Well, Elias was a pretty blatant Christ figure. I think that cinched it for Scorsese.

I agree Dafoe was awesome in this film. I can't imagine De Niro doing a better job.



Quote:
Of course, I was too young to experience the uproar first hand, if I was even conceived yet.
A little Time capsule....




Quote:
Religion
A Holy Furor
Boycotts and belligerence greet a startling new film about Jesus
By JOHN LEO


Aug. 15, 1988
Jesus has brief onscreen sex with his first wife Mary Magdalene and later commits adultery. Judas is a hero, the strongest and best of the apostles. Paul is a hypocrite and liar. Jesus is so dazed that, even on the eve of his Crucifixion, he is still not quite sure whether to preach love or murder Romans.
Ready for Director Martin Scorsese's new movie, The Last Temptation of Christ?



Powerful, eccentric, bloody, filled with theological gaffes, Temptation is an excruciatingly earnest and freewheeling docudrama based on the 1955 best- selling novel by a tormented Greek Orthodox believer, Nikos Kazantzakis. It is the result of an obsessive 16-year quest by one of Hollywood's most esteemed directors to bring to the screen a struggling Christ who only slowly comes to see himself as the Messiah. The movie, Scorsese says, "is my way of trying to get closer to God."

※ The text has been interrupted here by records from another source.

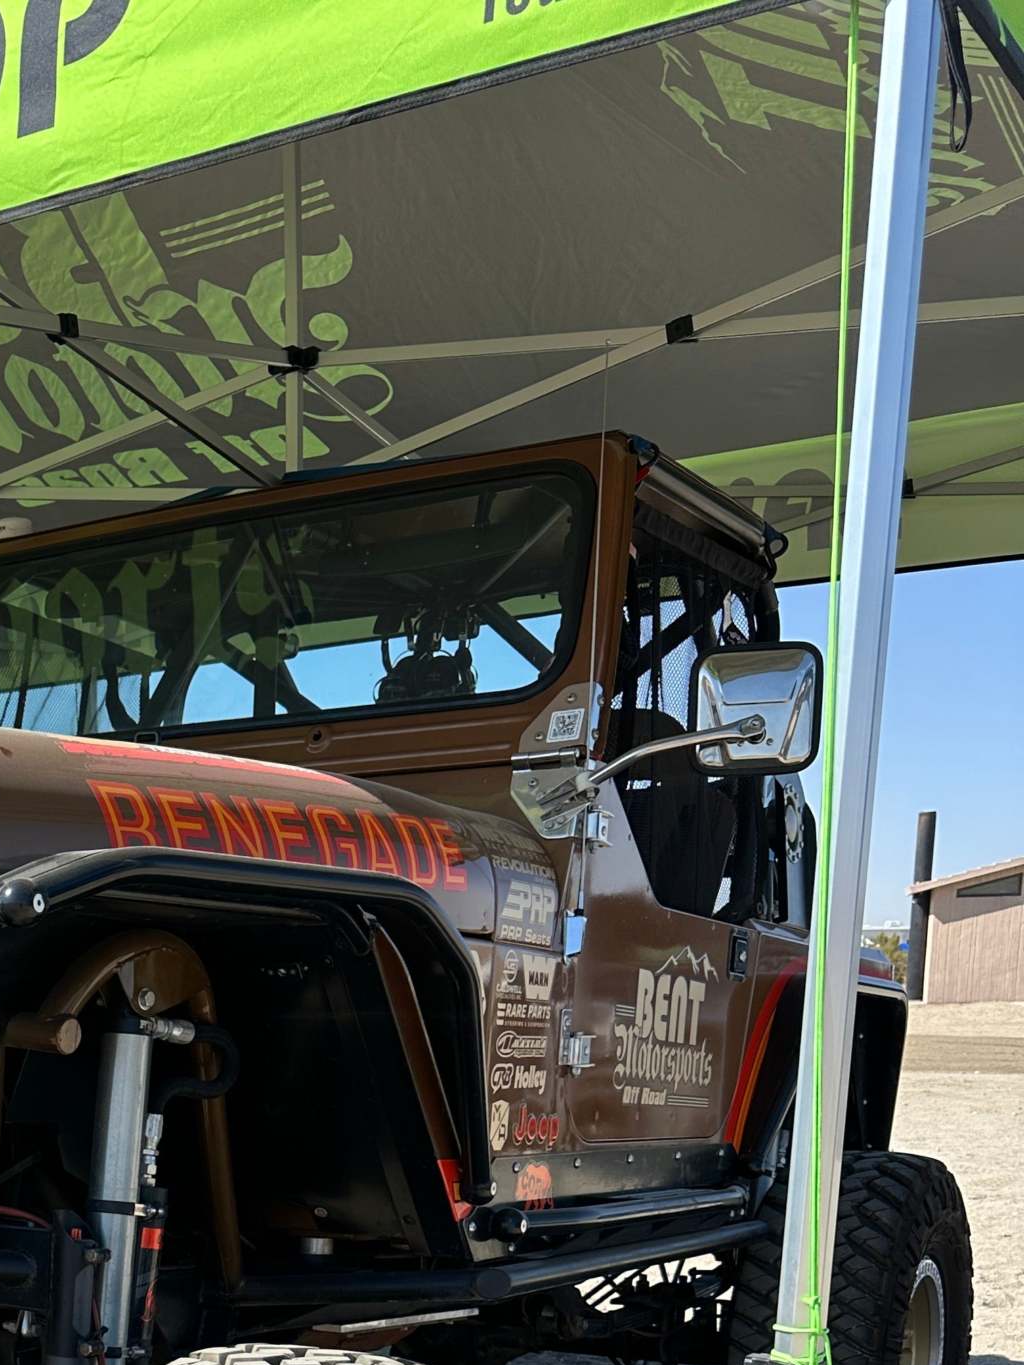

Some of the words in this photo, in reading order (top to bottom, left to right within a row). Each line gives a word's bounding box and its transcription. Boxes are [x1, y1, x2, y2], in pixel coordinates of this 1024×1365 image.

[86, 778, 468, 892] RENEGADE
[499, 924, 523, 941] PRP
[525, 928, 552, 946] Seats
[528, 970, 550, 988] WARN
[505, 1003, 528, 1018] RARE
[527, 1004, 551, 1020] PARTS
[514, 1064, 546, 1095] Holley

When it opens this Friday in New York, Los Angeles and other cities, religious crowd scenes are almost certain to appear outside the theaters as well as in them. For the past month, conservative Christians have denounced the film as blasphemous, staged demonstrations, called for boycotts and shaped a national campaign to have the picture destroyed or withdrawn. Along the way, there have been anti-Semitic incidents and threats against the "non- Christians" at Universal Pictures who took a chance on the film partly to encourage the filmmaker to pursue future projects at the studio.

So far, most of the voices raised against the film belong to people who have not yet seen it. Italian Director Franco Zeffirelli called the movie "damaging to the image of Christ. He cannot be made the object of low fantasies." Fundamentalist Leader Jerry Falwell called for a boycott against MCA, Universal's parent company; all MCA products, which include Grosset & Dunlap publishers, Spencer Gifts and Motown Records; and any theater that shows the film. Said Falwell: "Neither the label 'fiction' nor the First Amendment gives Universal the right to libel, slander and ridicule the most central figure in world history."

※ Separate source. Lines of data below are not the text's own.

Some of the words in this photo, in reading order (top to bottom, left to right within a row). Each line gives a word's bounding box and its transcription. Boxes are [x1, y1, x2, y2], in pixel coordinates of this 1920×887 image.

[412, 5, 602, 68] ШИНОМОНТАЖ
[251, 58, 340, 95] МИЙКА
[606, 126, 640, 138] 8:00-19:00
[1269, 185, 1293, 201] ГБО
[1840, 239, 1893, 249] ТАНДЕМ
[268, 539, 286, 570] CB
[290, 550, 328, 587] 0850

To head off further furor or perhaps even cash in on it, Universal decided last week to move the opening up from Sept. 23 to Aug. 12. Says Tom Pollock, chairman of MCA's motion picture group: "The best thing that can be done for The Last Temptation of Christ at this time is to make it available to the American people and allow them to draw their own conclusions, based on fact not fallacy." But Tim Penland, a born-again marketing expert once hired by Universal to placate conservative critics and now a critic himself, believes the six-week jump will unleash more Fundamentalist anger. "It's the most serious mistake a studio has made in decades," he says.

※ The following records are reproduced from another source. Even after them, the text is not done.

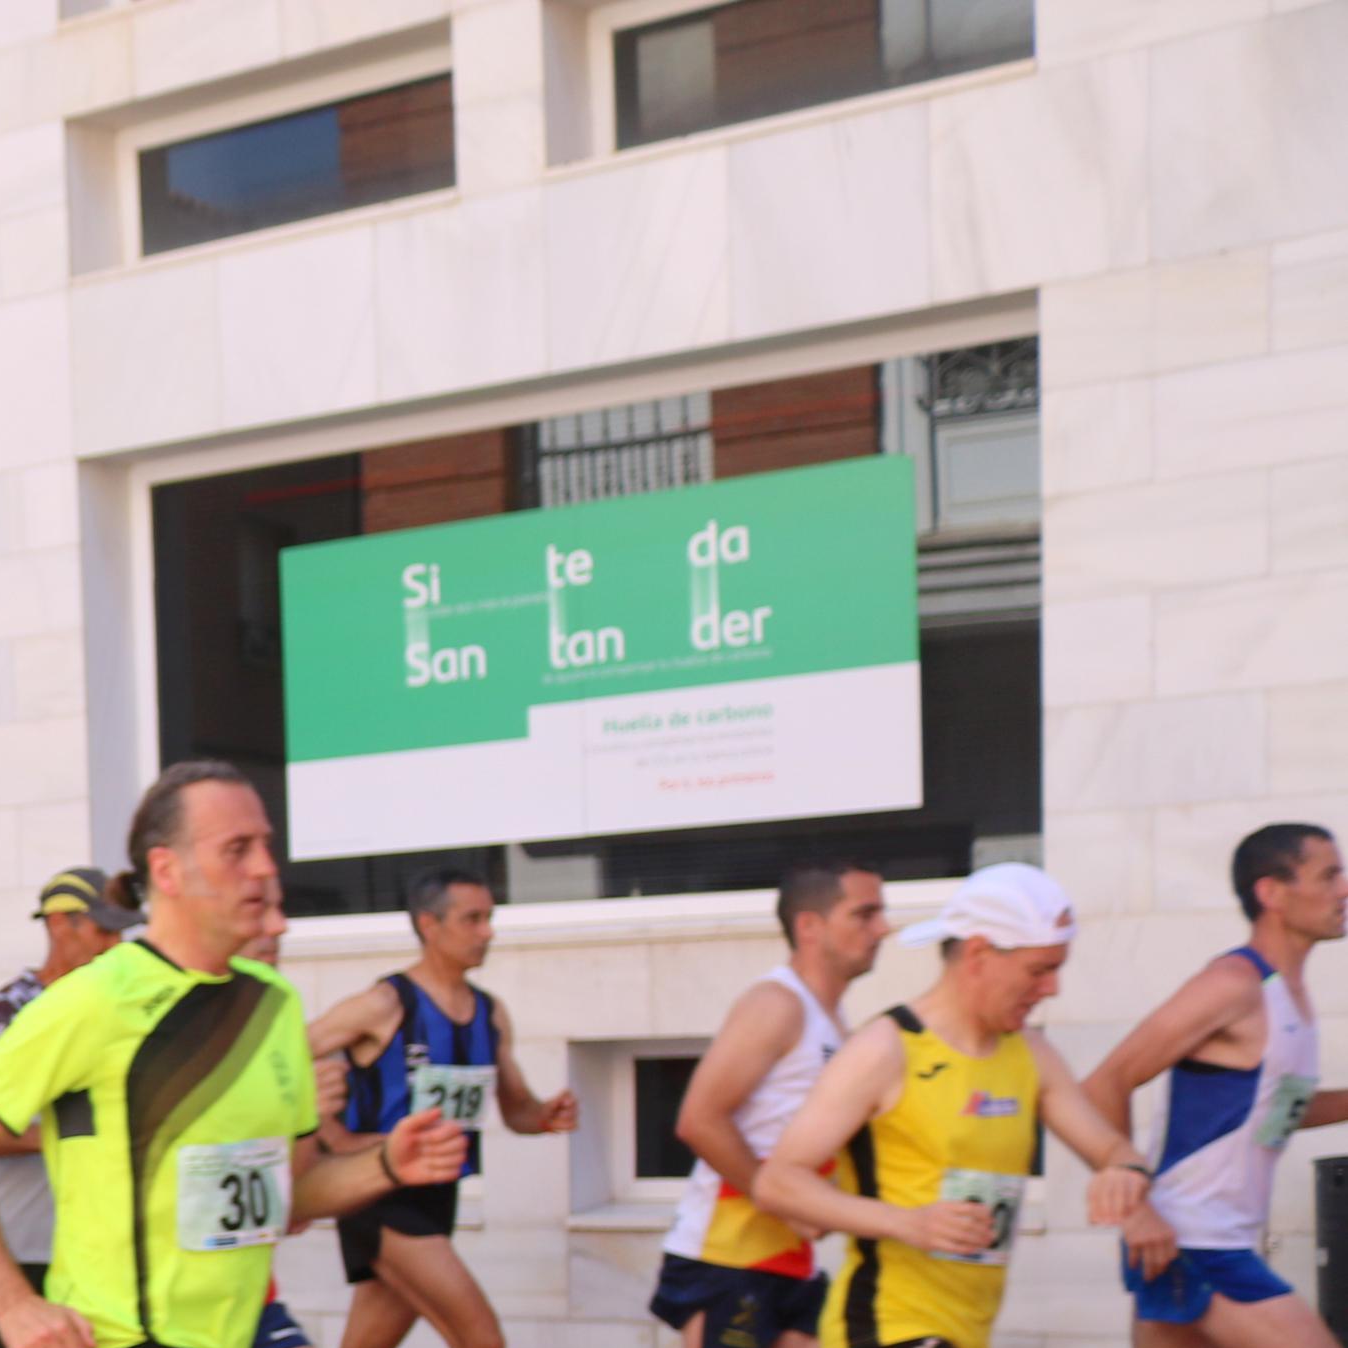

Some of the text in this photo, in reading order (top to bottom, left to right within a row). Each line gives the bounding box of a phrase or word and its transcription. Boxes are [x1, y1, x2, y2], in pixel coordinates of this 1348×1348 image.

[401, 562, 441, 609] Si
[547, 542, 594, 588] te
[687, 518, 751, 568] da
[406, 641, 488, 688] San
[550, 622, 627, 670] tan
[691, 602, 774, 651] der
[219, 1168, 269, 1231] 30
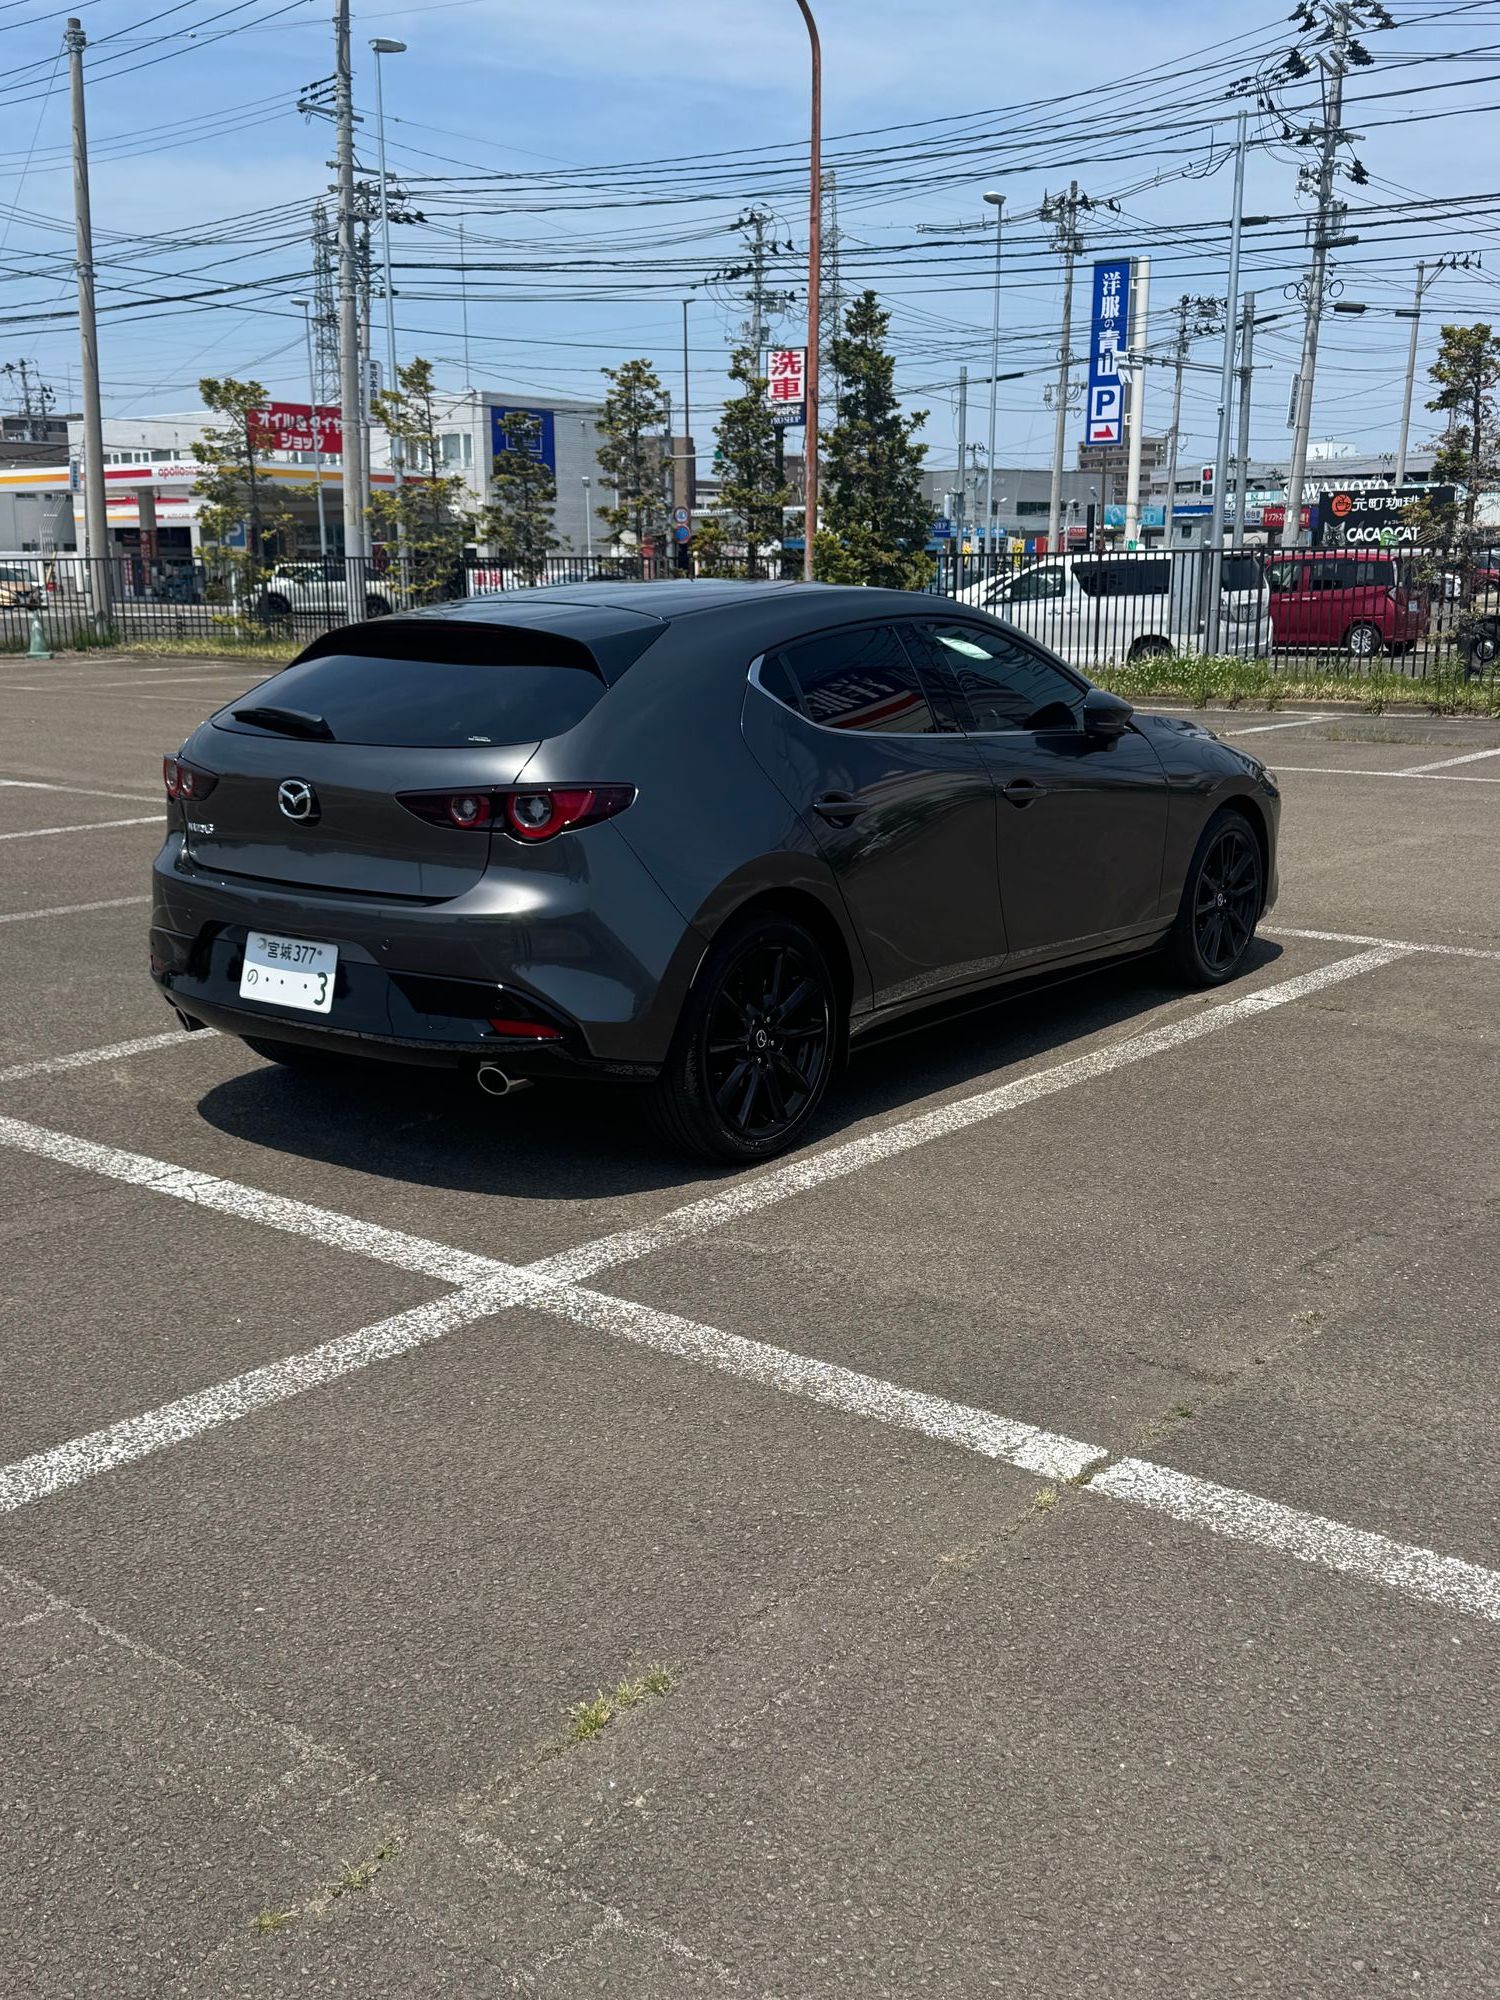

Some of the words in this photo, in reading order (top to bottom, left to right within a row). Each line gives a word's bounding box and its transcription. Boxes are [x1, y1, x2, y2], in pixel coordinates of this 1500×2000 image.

[1097, 272, 1121, 377] 洋服の青山
[770, 351, 802, 400] 洗車
[1095, 390, 1116, 416] P
[280, 432, 325, 450] ショップ

The dramatic centerpiece of the film is a half-hour segment in which the dying Christ, played by Willem Dafoe, hallucinates about the devil's final temptation: come down from the Cross, renounce your role as the Messiah, marry Mary Magdalene and live a long and ordinary life.

Nothing unorthodox there, strictly speaking. As both fully human and fully divine, Jesus is viewed in Christian theology as free of sin but subject to all temptations, including sexual ones. Following Kazantzakis, however, Scorsese presents the early Jesus as a weak and dithering collaborator who builds crosses used by the Romans to execute Jewish rebels. Later he becomes the wild-eyed guru to a band of ragged followers but remains apprehensive and fundamentally confused about his message and his mission. He persuades Judas, his best friend, to betray him to fulfill God's plan. During the reverie on the Cross, Jesus is shown briefly having sex with his wife, Mary Magdalene. Later in the fantasy, after Magdalene dies, he weds Mary of the biblical duo Mary and Martha, then commits adultery with Martha.

Temptation is drenched in blood. The blood of sacrificed animals runs through the streets, blood unaccountably pours out of an apple Jesus eats and, at the Last Supper, the wine literally turns into blood. In one grotesque scene, Jesus reaches into his chest (though it looks more like his belly), yanks out his heart and holds it up for his apostles to admire.

For a few critics, this display seems to be an arch-send-up of the Catholic devotion to the Sacred Heart of Jesus. Some dialogue also hints at satire, probably unintentionally. Asked by a Zealot to compare being dead with being alive, the resurrected Lazarus says thoughtfully, "I was a little surprised. There isn't that much difference." At times Jesus sounds like a mumbling method actor (his first sermon begins "Umm, uh, I'm sorry"), at others like a recent graduate of the Shirley MacLaine School of Theology ("Everything's part of God")

For Scorsese, a former altar boy who once wanted to be a priest, the movie is no frivolous matter. Actress Barbara Hershey, who plays Mary Magdalene, gave him a copy of the Kazantzakis novel in 1972, and he has been contemplating it ever since. Kazantzakis' Jesus, he insists, is both human and divine, in accordance with Christian teaching. What interested Scorsese in the author's approach "was that the human part of Jesus would have trouble accepting the divine."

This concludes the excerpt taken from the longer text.